Exercise brief: Word for word, repeat the data; no picture should appear in the result.

Material supplied:
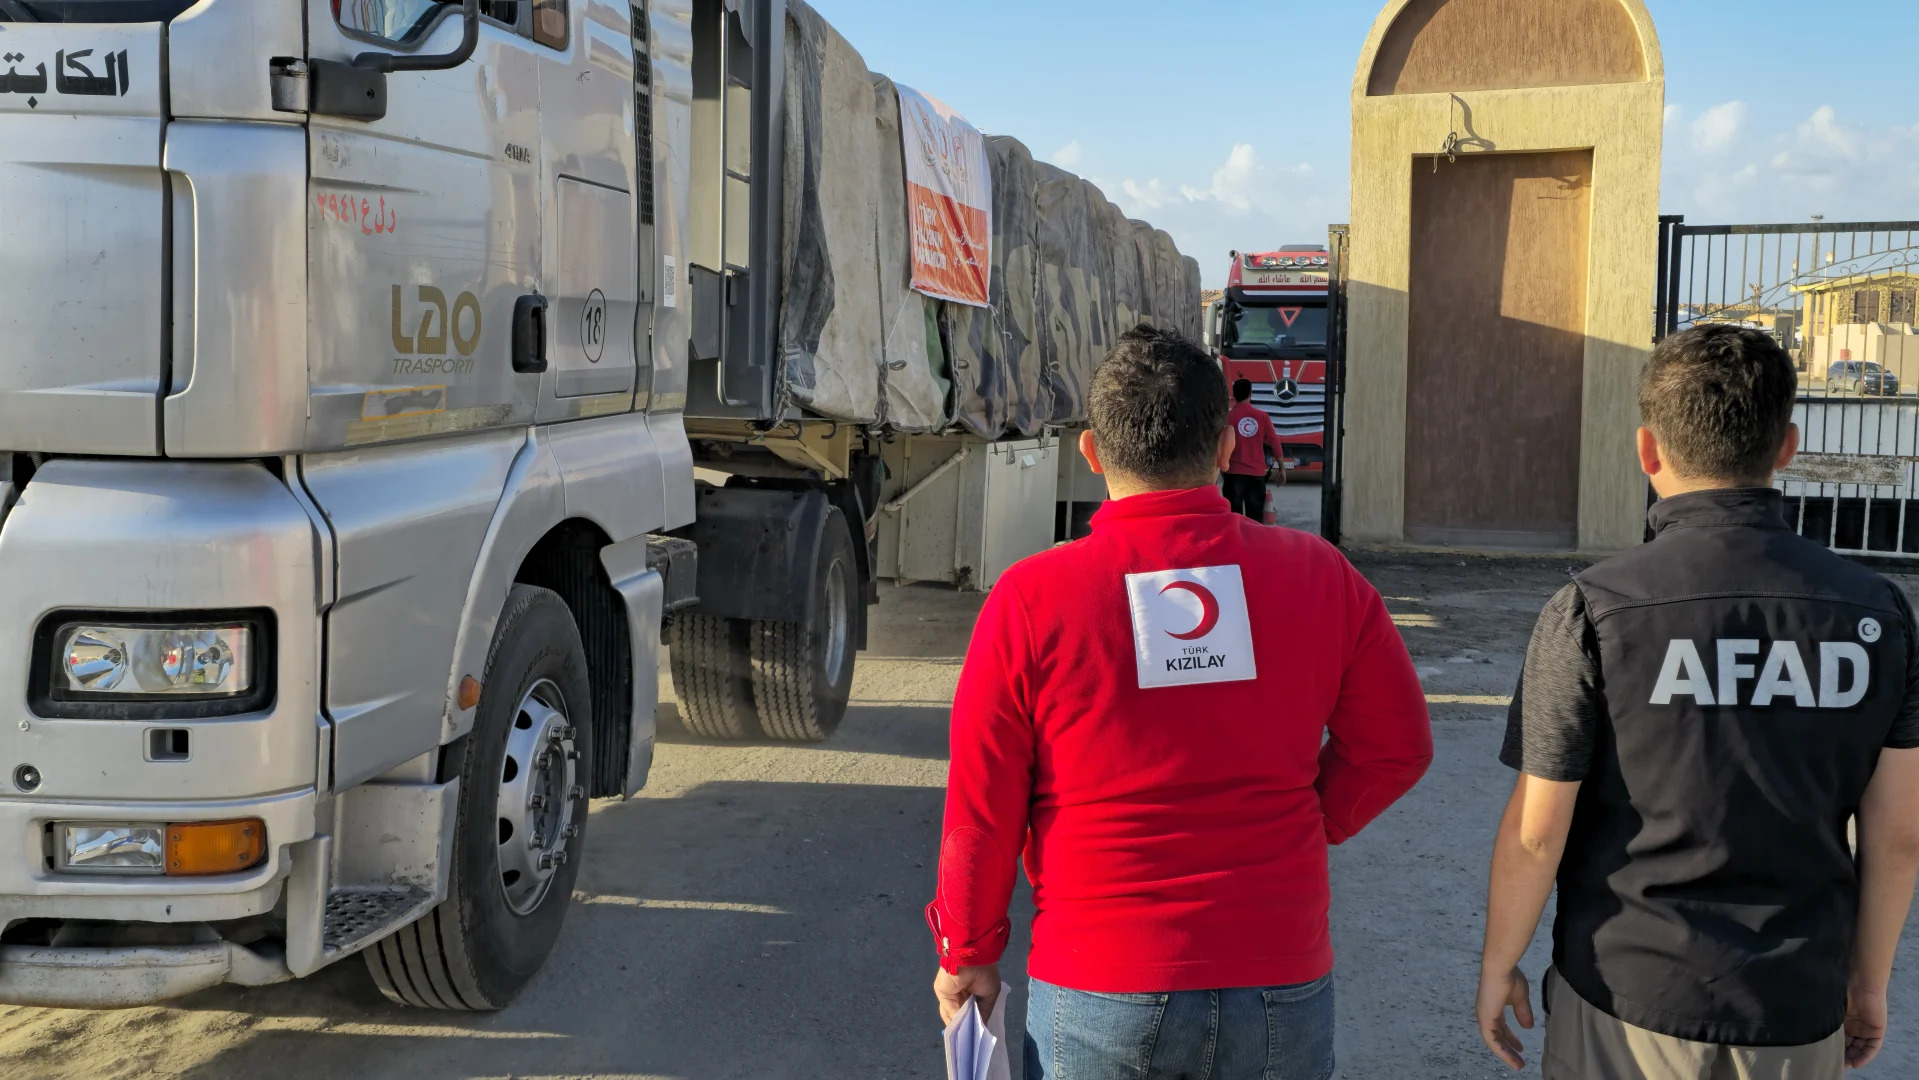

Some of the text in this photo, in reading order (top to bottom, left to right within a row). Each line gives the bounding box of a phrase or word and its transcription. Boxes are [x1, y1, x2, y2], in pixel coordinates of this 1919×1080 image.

[0, 48, 130, 109] الكابت
[1258, 274, 1270, 283] الله
[1299, 274, 1312, 283] الله
[585, 306, 602, 345] 18
[393, 357, 475, 374] TRASPORTI
[1182, 646, 1209, 655] TÜRK
[1165, 654, 1226, 672] KIZILAY
[1648, 638, 1870, 708] AFAD
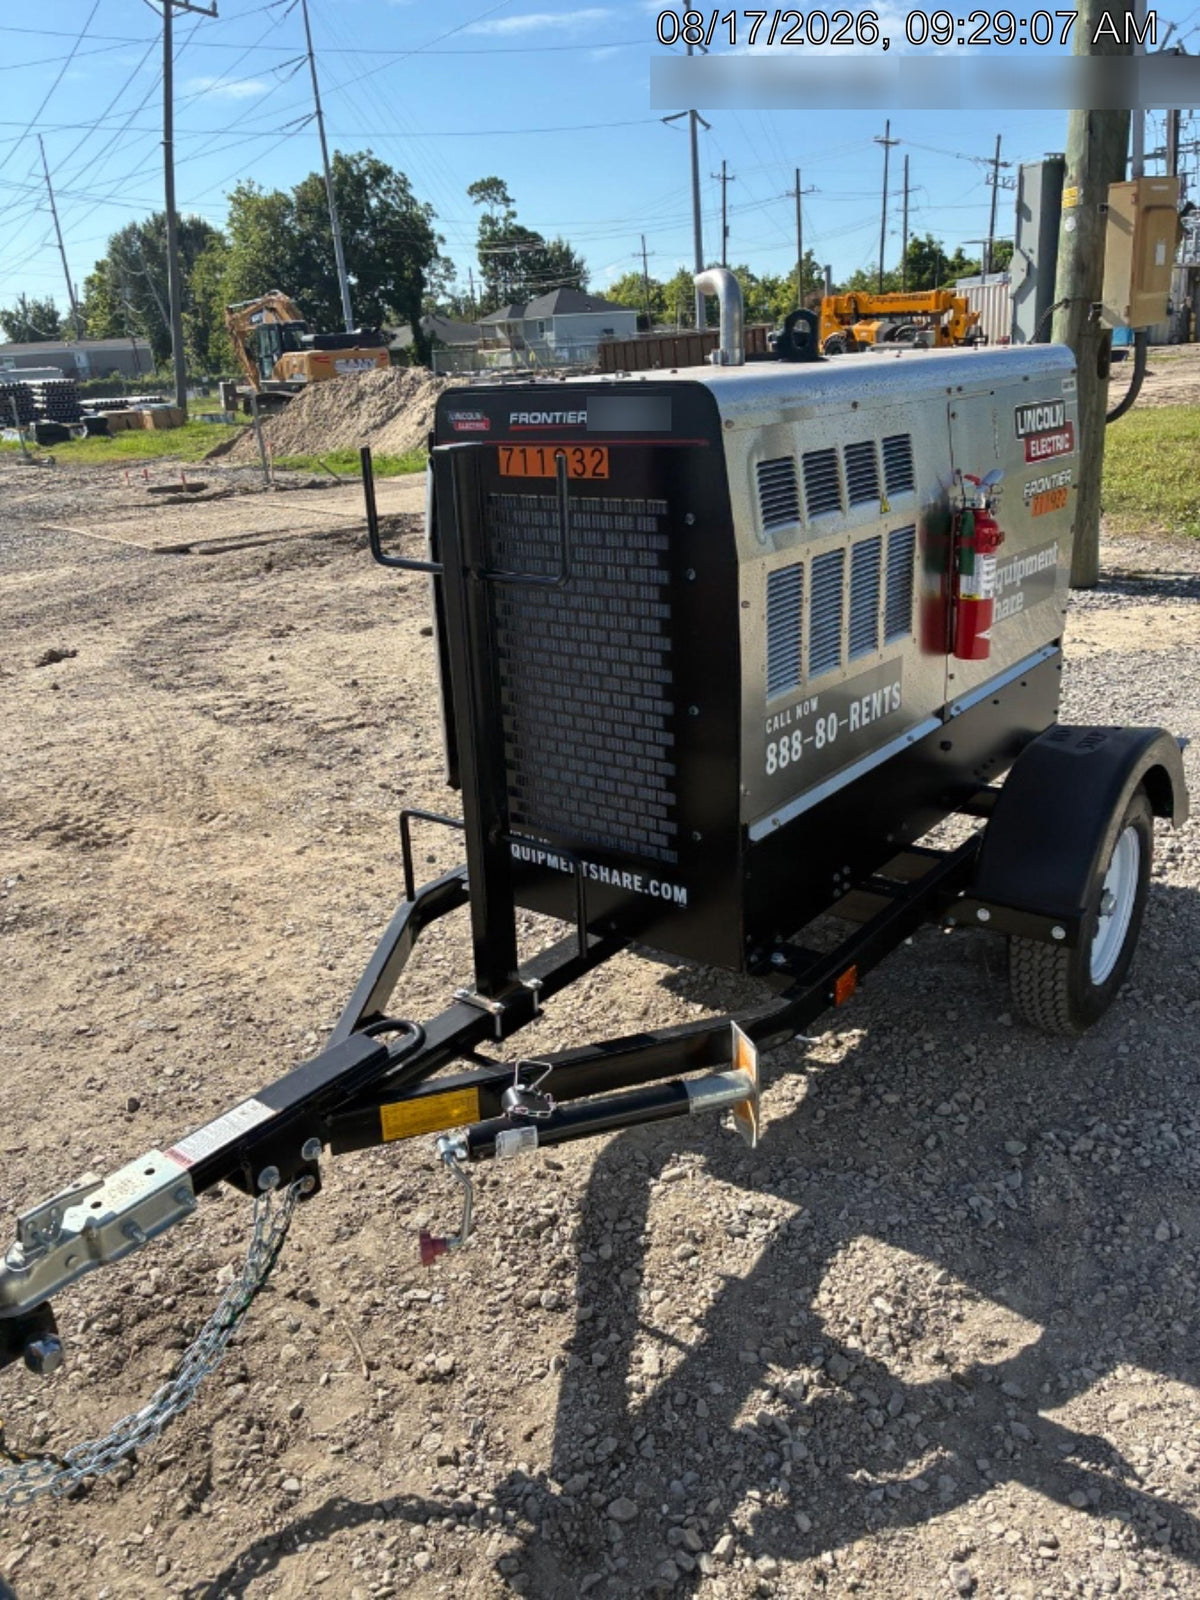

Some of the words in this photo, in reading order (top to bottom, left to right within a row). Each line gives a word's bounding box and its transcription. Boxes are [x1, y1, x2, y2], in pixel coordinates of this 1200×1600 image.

[509, 410, 588, 424] FRONTIER
[1017, 404, 1064, 434] LINCOLN
[1030, 433, 1070, 458] ELECTRIC
[1024, 468, 1072, 500] FRONTIER
[995, 540, 1059, 595] quipment
[993, 591, 1024, 623] hare
[765, 710, 792, 734] CALL
[795, 695, 819, 719] NOW
[765, 681, 901, 776] 888-80-RENTS
[510, 843, 688, 905] QUIPMETSHARE.COM
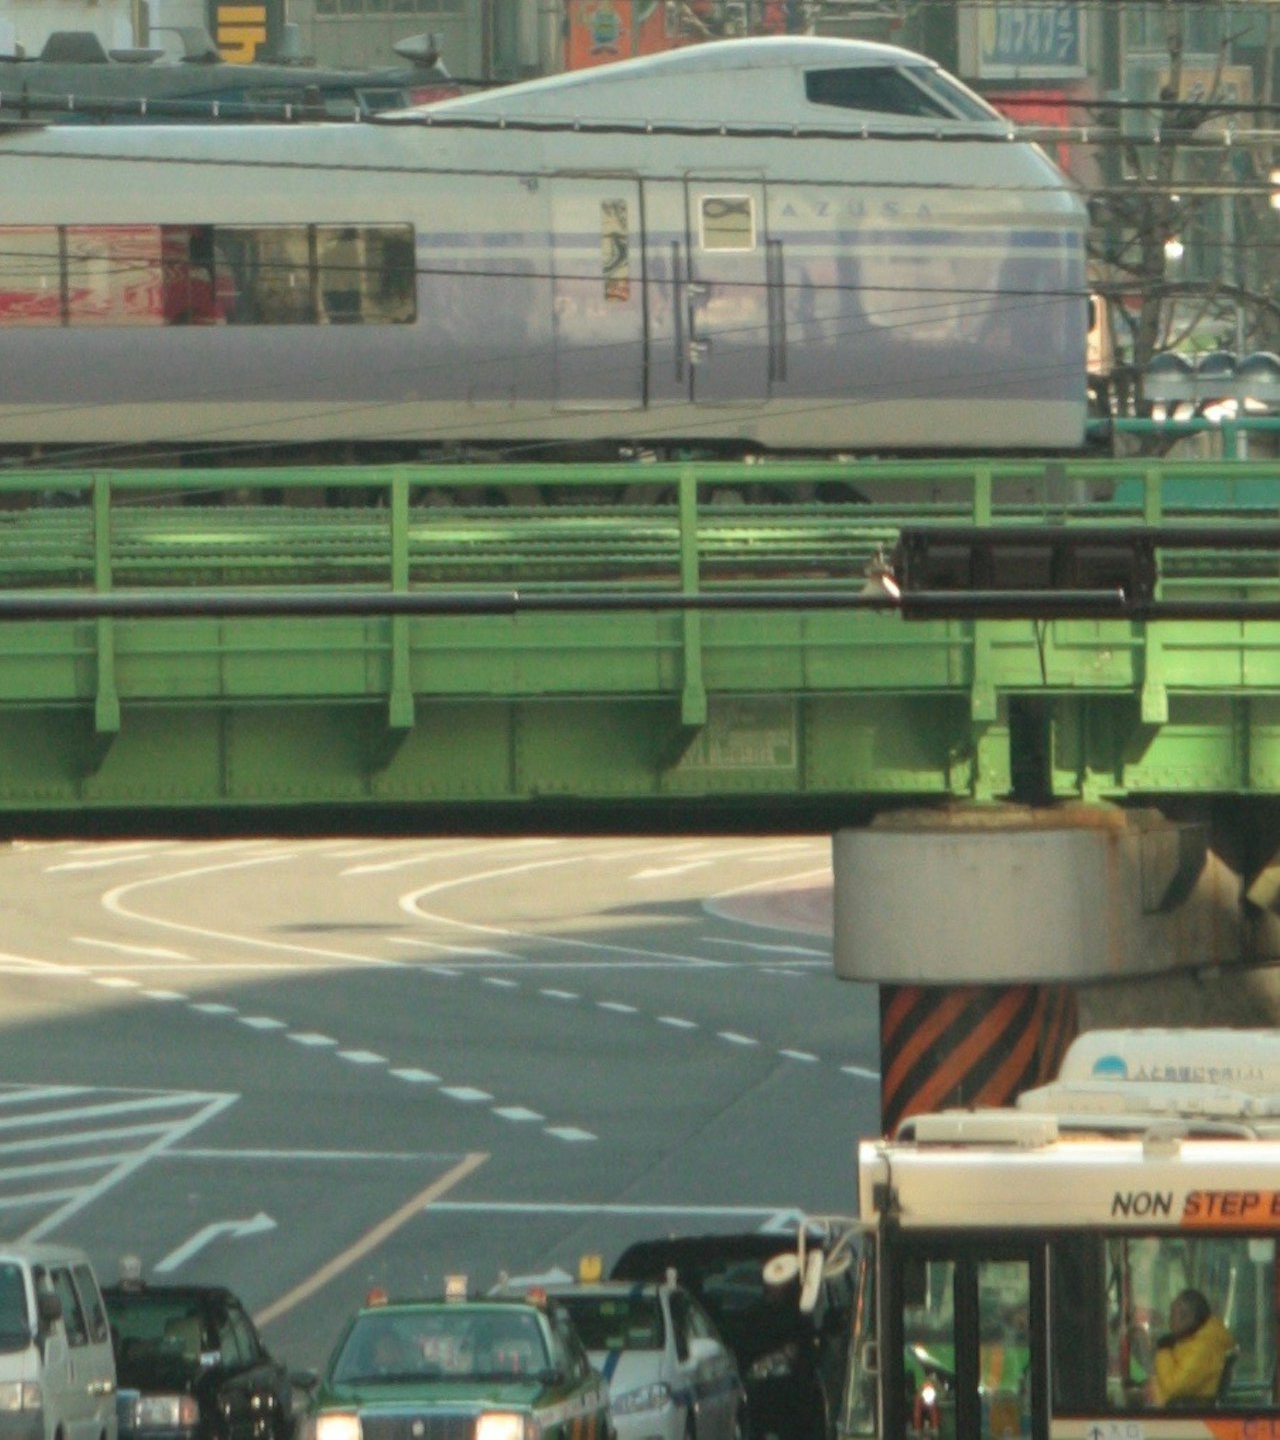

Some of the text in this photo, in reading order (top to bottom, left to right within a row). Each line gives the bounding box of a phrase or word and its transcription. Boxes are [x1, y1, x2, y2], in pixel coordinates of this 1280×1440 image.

Answer to this exercise:
Some of the text in this photo, in reading order (top to bottom, left to right within a row). Each line gives the bounding box of a phrase or word and its transcription. Boxes are [x1, y1, x2, y2], in pixel coordinates of this 1919×1080 image.

[0, 48, 130, 109] الكابت
[1258, 274, 1270, 283] الله
[1299, 274, 1312, 283] الله
[585, 306, 602, 345] 18
[393, 357, 475, 374] TRASPORTI
[1182, 646, 1209, 655] TÜRK
[1165, 654, 1226, 672] KIZILAY
[1648, 638, 1870, 708] AFAD

Some of the words in this photo, in reading order (top to bottom, left to right within a row). Each line gives a word's bounding box and its transcription. Boxes are [x1, y1, x2, y2], in pixel coordinates of this 1200×1600 image.

[509, 410, 588, 424] FRONTIER
[1017, 404, 1064, 434] LINCOLN
[1030, 433, 1070, 458] ELECTRIC
[1024, 468, 1072, 500] FRONTIER
[995, 540, 1059, 595] quipment
[993, 591, 1024, 623] hare
[765, 710, 792, 734] CALL
[795, 695, 819, 719] NOW
[765, 681, 901, 776] 888-80-RENTS
[510, 843, 688, 905] QUIPMETSHARE.COM

Some of the text in this photo, in reading order (top to bottom, left to right within a row). Each line gives the bounding box of a phrase or word and its transcription. Boxes are [x1, y1, x2, y2], in pixel coordinates of this 1280×1440 image.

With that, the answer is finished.